This exercise asks for the whole listing to be restated exactly.
═══ Data for the task ═══
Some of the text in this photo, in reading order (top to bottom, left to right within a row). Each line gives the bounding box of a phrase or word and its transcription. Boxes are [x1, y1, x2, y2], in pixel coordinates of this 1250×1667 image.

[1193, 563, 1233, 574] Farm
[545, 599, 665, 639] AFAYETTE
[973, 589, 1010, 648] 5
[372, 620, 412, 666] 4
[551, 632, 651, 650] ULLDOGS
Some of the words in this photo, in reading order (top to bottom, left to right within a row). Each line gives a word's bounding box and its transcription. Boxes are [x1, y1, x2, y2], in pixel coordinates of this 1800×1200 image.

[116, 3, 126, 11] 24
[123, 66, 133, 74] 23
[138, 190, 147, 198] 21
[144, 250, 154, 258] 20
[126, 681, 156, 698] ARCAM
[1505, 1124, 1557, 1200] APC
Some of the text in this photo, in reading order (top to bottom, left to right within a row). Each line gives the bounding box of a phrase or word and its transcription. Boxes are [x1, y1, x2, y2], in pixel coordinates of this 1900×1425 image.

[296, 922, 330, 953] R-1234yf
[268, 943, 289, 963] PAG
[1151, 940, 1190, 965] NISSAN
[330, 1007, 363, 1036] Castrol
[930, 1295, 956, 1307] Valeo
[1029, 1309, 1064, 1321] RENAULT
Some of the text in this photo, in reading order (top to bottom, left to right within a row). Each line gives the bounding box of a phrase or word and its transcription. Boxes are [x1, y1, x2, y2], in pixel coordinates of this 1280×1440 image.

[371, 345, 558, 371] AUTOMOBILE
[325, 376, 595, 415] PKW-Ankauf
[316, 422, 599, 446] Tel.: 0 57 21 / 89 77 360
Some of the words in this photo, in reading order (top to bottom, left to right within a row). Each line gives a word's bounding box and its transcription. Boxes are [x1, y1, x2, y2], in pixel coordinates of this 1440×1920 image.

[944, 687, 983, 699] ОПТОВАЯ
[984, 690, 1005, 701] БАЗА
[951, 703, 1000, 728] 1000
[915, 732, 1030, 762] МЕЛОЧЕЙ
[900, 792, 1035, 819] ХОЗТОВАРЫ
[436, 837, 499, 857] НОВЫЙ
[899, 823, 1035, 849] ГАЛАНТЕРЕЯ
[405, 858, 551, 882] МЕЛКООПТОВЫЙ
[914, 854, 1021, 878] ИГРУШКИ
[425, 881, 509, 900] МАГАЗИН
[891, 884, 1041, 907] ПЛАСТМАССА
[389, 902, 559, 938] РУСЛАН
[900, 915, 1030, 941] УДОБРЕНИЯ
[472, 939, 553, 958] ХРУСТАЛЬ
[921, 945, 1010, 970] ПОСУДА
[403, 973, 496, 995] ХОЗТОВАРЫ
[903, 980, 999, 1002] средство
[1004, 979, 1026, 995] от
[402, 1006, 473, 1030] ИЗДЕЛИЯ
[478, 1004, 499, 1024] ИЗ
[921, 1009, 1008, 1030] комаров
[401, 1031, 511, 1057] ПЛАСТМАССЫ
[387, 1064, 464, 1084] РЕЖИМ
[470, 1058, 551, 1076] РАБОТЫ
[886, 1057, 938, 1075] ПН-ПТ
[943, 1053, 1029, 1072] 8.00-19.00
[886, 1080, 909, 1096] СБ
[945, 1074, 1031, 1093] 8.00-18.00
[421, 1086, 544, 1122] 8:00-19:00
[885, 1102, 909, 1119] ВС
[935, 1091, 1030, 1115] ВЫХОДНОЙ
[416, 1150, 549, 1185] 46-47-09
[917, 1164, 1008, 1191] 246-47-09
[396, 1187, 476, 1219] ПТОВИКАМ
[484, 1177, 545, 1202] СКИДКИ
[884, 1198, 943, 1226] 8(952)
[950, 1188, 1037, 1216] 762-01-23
═══
Written reply -
Some of the text in this photo, in reading order (top to bottom, left to right within a row). Each line gives the bounding box of a phrase or word and its transcription. Boxes are [x1, y1, x2, y2], in pixel coordinates of this 1250×1667 image.

[1193, 563, 1233, 574] Farm
[545, 599, 665, 639] AFAYETTE
[973, 589, 1010, 648] 5
[372, 620, 412, 666] 4
[551, 632, 651, 650] ULLDOGS
Some of the words in this photo, in reading order (top to bottom, left to right within a row). Each line gives a word's bounding box and its transcription. Boxes are [x1, y1, x2, y2], in pixel coordinates of this 1800×1200 image.

[116, 3, 126, 11] 24
[123, 66, 133, 74] 23
[138, 190, 147, 198] 21
[144, 250, 154, 258] 20
[126, 681, 156, 698] ARCAM
[1505, 1124, 1557, 1200] APC
Some of the text in this photo, in reading order (top to bottom, left to right within a row). Each line gives the bounding box of a phrase or word and its transcription. Boxes are [x1, y1, x2, y2], in pixel coordinates of this 1900×1425 image.

[296, 922, 330, 953] R-1234yf
[268, 943, 289, 963] PAG
[1151, 940, 1190, 965] NISSAN
[330, 1007, 363, 1036] Castrol
[930, 1295, 956, 1307] Valeo
[1029, 1309, 1064, 1321] RENAULT
Some of the text in this photo, in reading order (top to bottom, left to right within a row). Each line gives the bounding box of a phrase or word and its transcription. Boxes are [x1, y1, x2, y2], in pixel coordinates of this 1280×1440 image.

[371, 345, 558, 371] AUTOMOBILE
[325, 376, 595, 415] PKW-Ankauf
[316, 422, 599, 446] Tel.: 0 57 21 / 89 77 360
Some of the words in this photo, in reading order (top to bottom, left to right within a row). Each line gives a word's bounding box and its transcription. Boxes are [x1, y1, x2, y2], in pixel coordinates of this 1440×1920 image.

[944, 687, 983, 699] ОПТОВАЯ
[984, 690, 1005, 701] БАЗА
[951, 703, 1000, 728] 1000
[915, 732, 1030, 762] МЕЛОЧЕЙ
[900, 792, 1035, 819] ХОЗТОВАРЫ
[436, 837, 499, 857] НОВЫЙ
[899, 823, 1035, 849] ГАЛАНТЕРЕЯ
[405, 858, 551, 882] МЕЛКООПТОВЫЙ
[914, 854, 1021, 878] ИГРУШКИ
[425, 881, 509, 900] МАГАЗИН
[891, 884, 1041, 907] ПЛАСТМАССА
[389, 902, 559, 938] РУСЛАН
[900, 915, 1030, 941] УДОБРЕНИЯ
[472, 939, 553, 958] ХРУСТАЛЬ
[921, 945, 1010, 970] ПОСУДА
[403, 973, 496, 995] ХОЗТОВАРЫ
[903, 980, 999, 1002] средство
[1004, 979, 1026, 995] от
[402, 1006, 473, 1030] ИЗДЕЛИЯ
[478, 1004, 499, 1024] ИЗ
[921, 1009, 1008, 1030] комаров
[401, 1031, 511, 1057] ПЛАСТМАССЫ
[387, 1064, 464, 1084] РЕЖИМ
[470, 1058, 551, 1076] РАБОТЫ
[886, 1057, 938, 1075] ПН-ПТ
[943, 1053, 1029, 1072] 8.00-19.00
[886, 1080, 909, 1096] СБ
[945, 1074, 1031, 1093] 8.00-18.00
[421, 1086, 544, 1122] 8:00-19:00
[885, 1102, 909, 1119] ВС
[935, 1091, 1030, 1115] ВЫХОДНОЙ
[416, 1150, 549, 1185] 46-47-09
[917, 1164, 1008, 1191] 246-47-09
[396, 1187, 476, 1219] ПТОВИКАМ
[484, 1177, 545, 1202] СКИДКИ
[884, 1198, 943, 1226] 8(952)
[950, 1188, 1037, 1216] 762-01-23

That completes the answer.